▶ INPUT DATA
· · · · · · ·

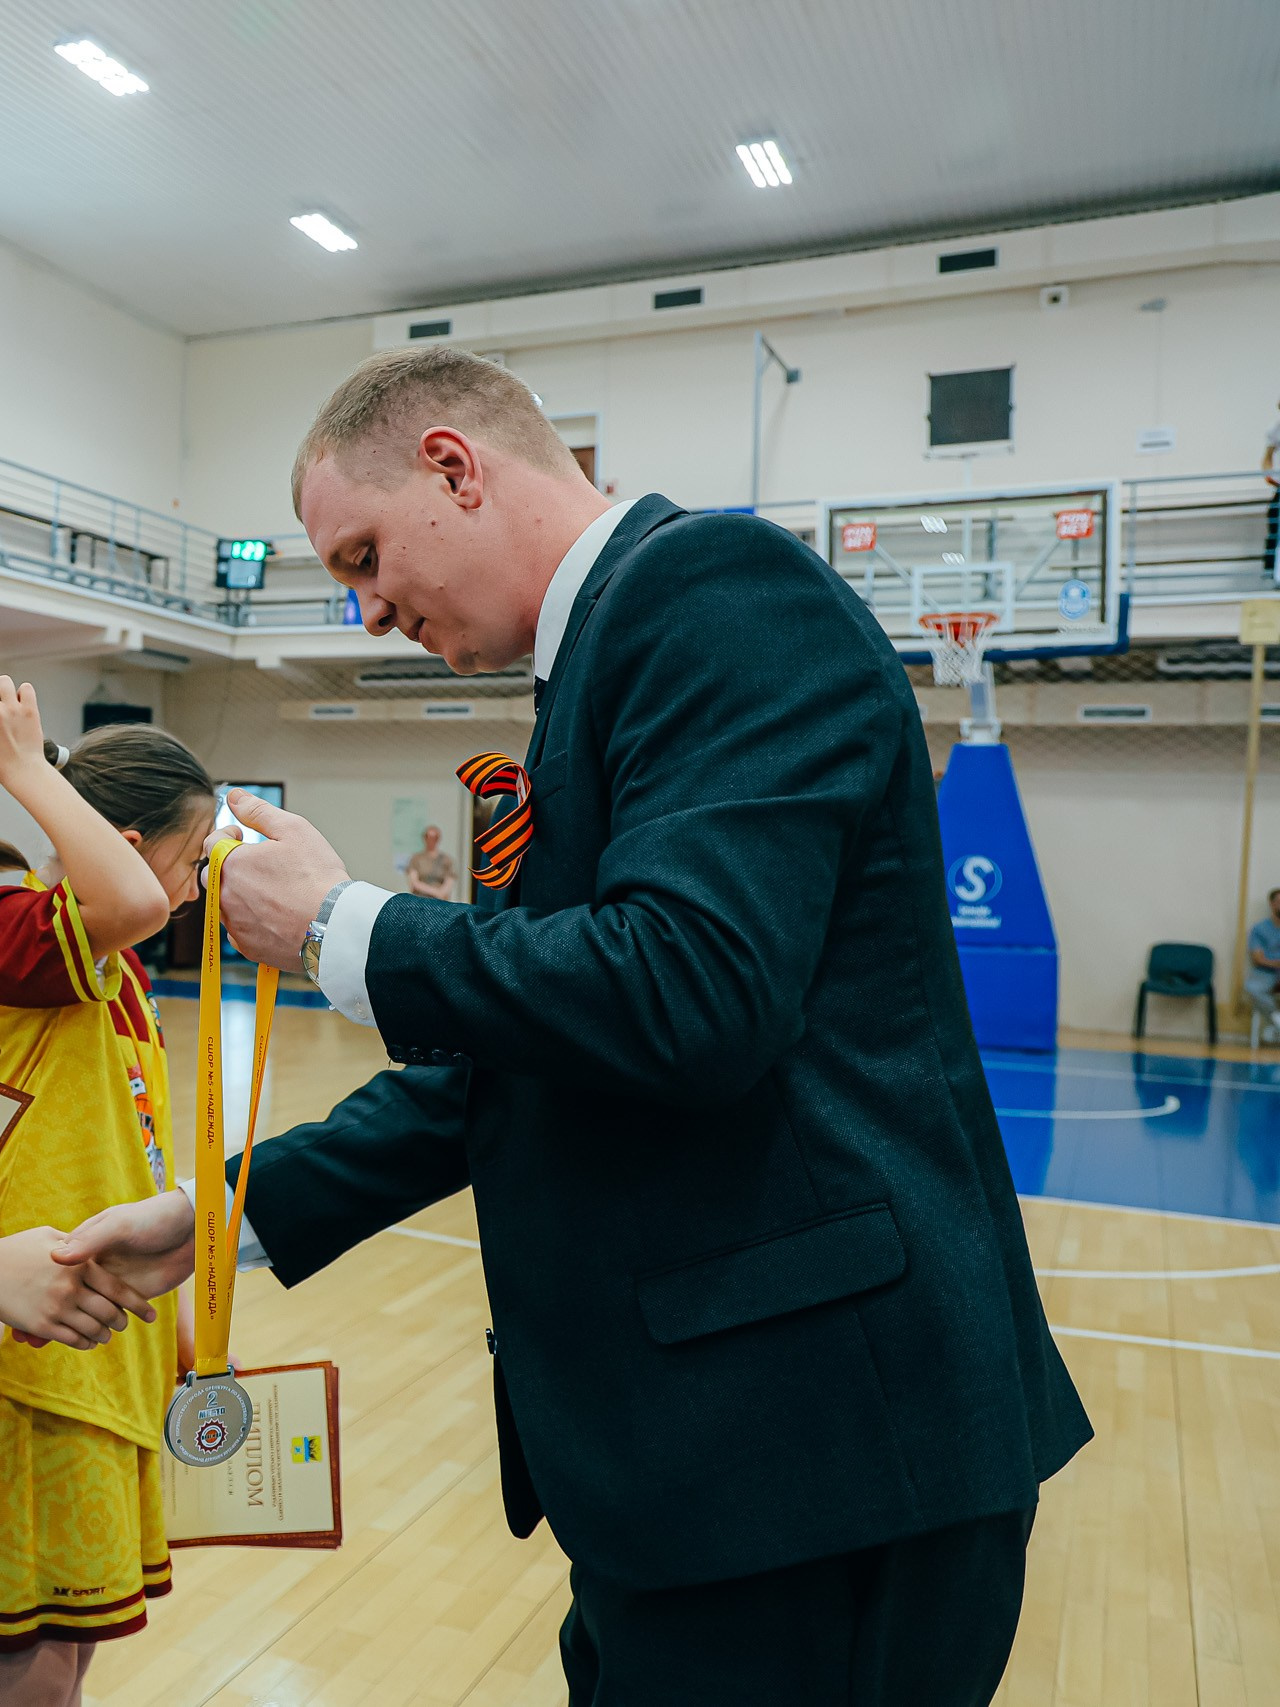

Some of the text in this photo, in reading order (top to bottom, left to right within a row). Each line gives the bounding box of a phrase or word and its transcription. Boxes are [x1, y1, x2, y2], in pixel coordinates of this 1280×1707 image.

[207, 1088, 215, 1150] «НАДЕЖДА»
[207, 1211, 218, 1320] СШОР №5 «НАДЕЖДА»
[207, 1391, 218, 1408] 2
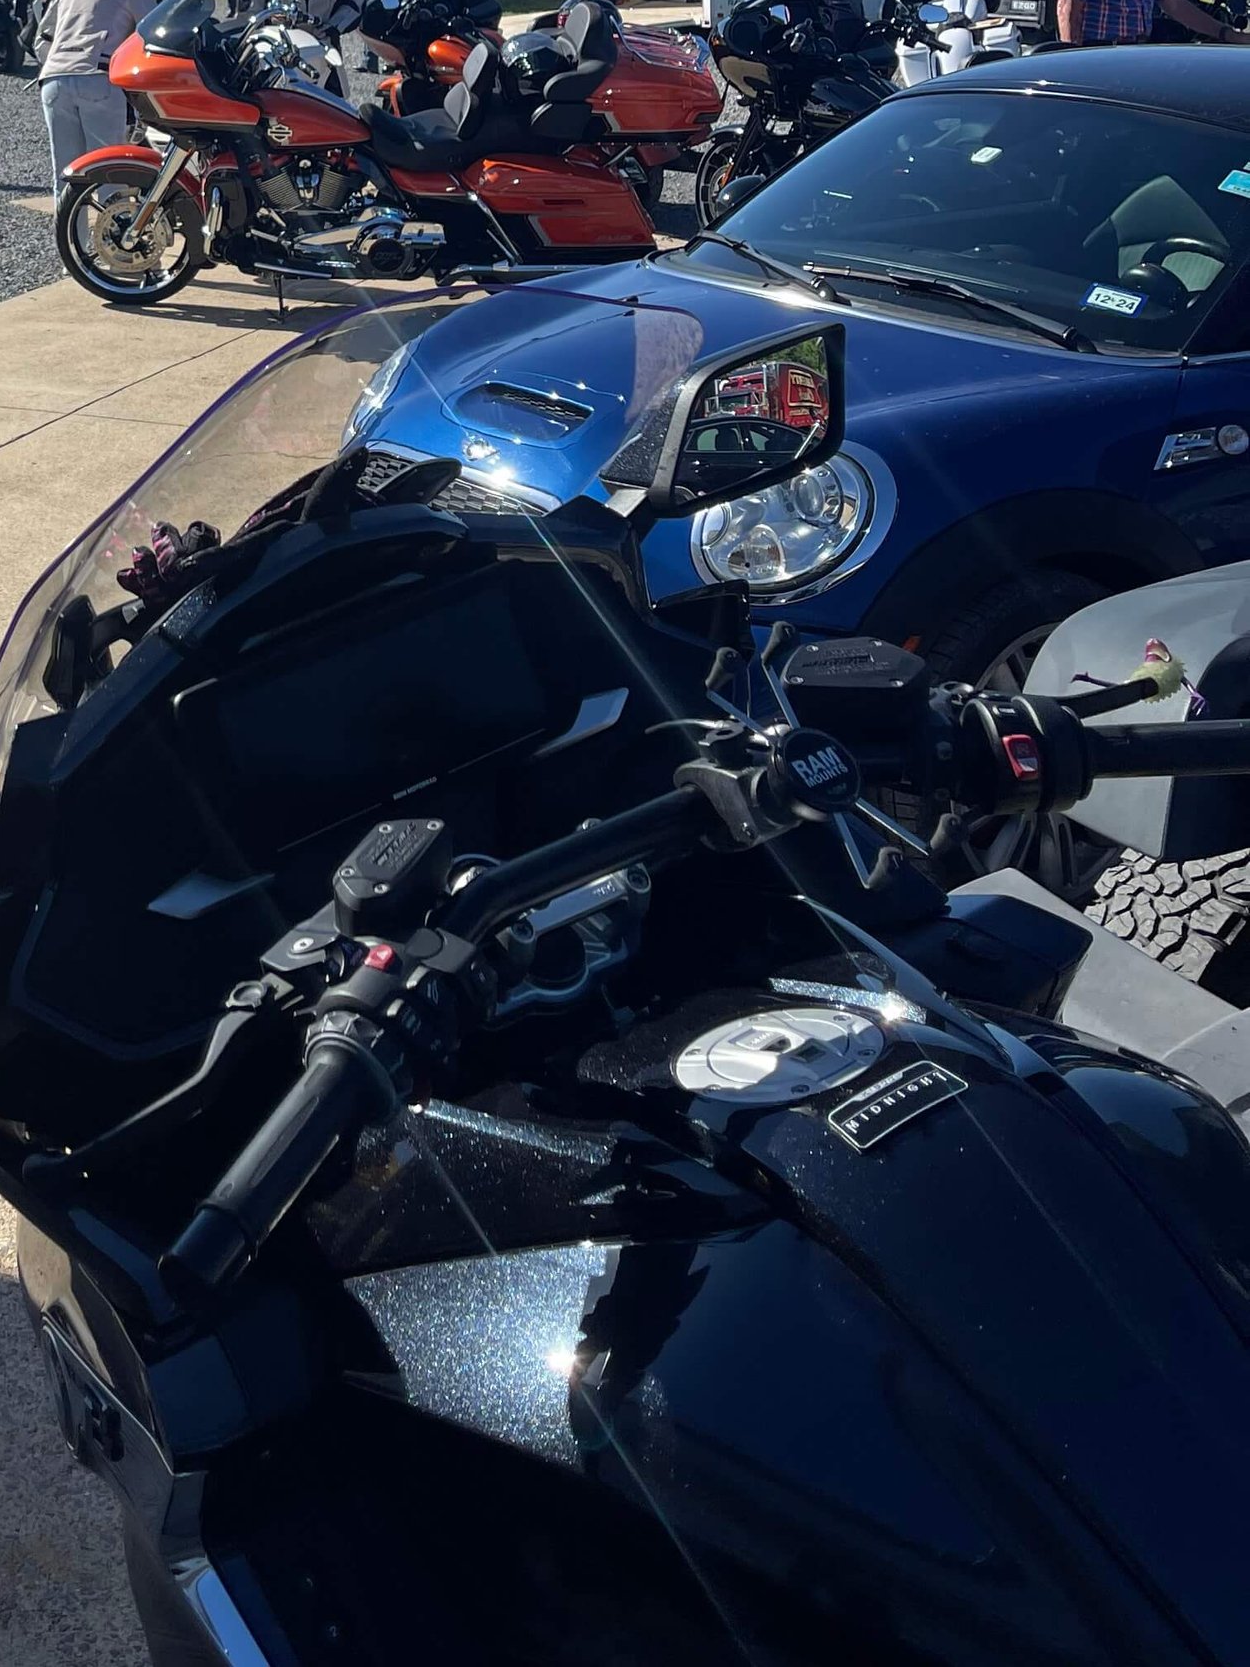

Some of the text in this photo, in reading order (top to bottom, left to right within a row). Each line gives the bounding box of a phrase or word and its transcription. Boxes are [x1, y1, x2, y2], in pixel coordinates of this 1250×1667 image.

· · · · · · ·

Reproduce every entry exactly, but omit each picture.

Some of the text in this photo, in reading order (top to bottom, left to right within a row). Each line gives the bounding box of a phrase or word and its transcription. Boxes are [x1, y1, x2, y2], in pixel coordinates of this 1280×1707 image.

[207, 1088, 215, 1150] «НАДЕЖДА»
[207, 1211, 218, 1320] СШОР №5 «НАДЕЖДА»
[207, 1391, 218, 1408] 2

Some of the text in this photo, in reading order (top to bottom, left to right within a row). Each line gives the bounding box of a phrase or word and its transcription. Boxes are [x1, y1, x2, y2], in pixel coordinates of this 1250×1667 image.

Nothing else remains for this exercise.